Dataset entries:
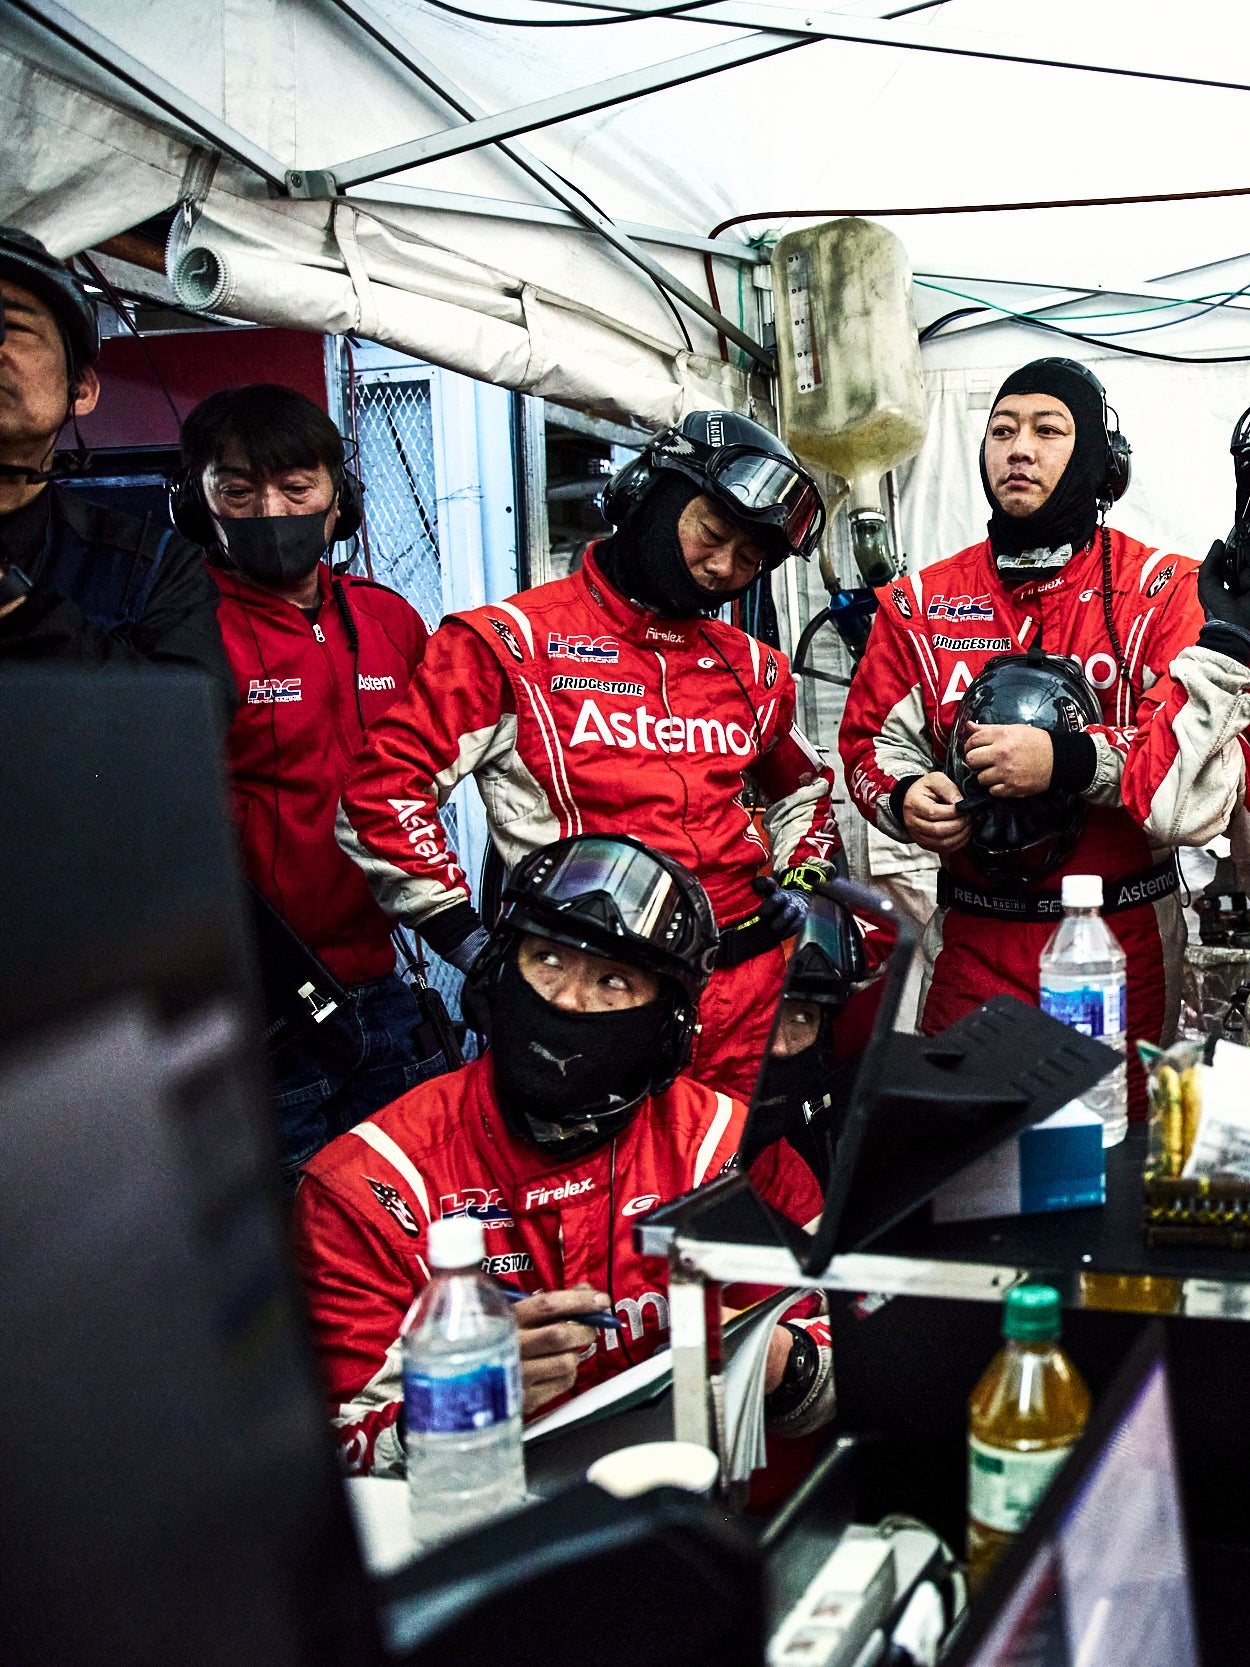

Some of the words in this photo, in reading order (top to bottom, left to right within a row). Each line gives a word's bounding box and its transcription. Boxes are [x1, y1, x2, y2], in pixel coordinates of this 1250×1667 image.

[927, 593, 993, 617] HRC
[548, 632, 619, 658] HRC
[551, 675, 645, 697] BRIDGESTONE
[569, 699, 751, 756] Astemo
[954, 887, 992, 909] REAL
[1117, 870, 1175, 906] Astemo

■ **Brief**
Without copying any picture, repeat all of the entries exactly.

■ **Task answer**
Some of the words in this photo, in reading order (top to bottom, left to right within a row). Each line gives a word's bounding box and its transcription. Boxes are [x1, y1, x2, y2], in pixel coordinates of this 1250×1667 image.

[927, 593, 993, 617] HRC
[548, 632, 619, 658] HRC
[551, 675, 645, 697] BRIDGESTONE
[569, 699, 751, 756] Astemo
[954, 887, 992, 909] REAL
[1117, 870, 1175, 906] Astemo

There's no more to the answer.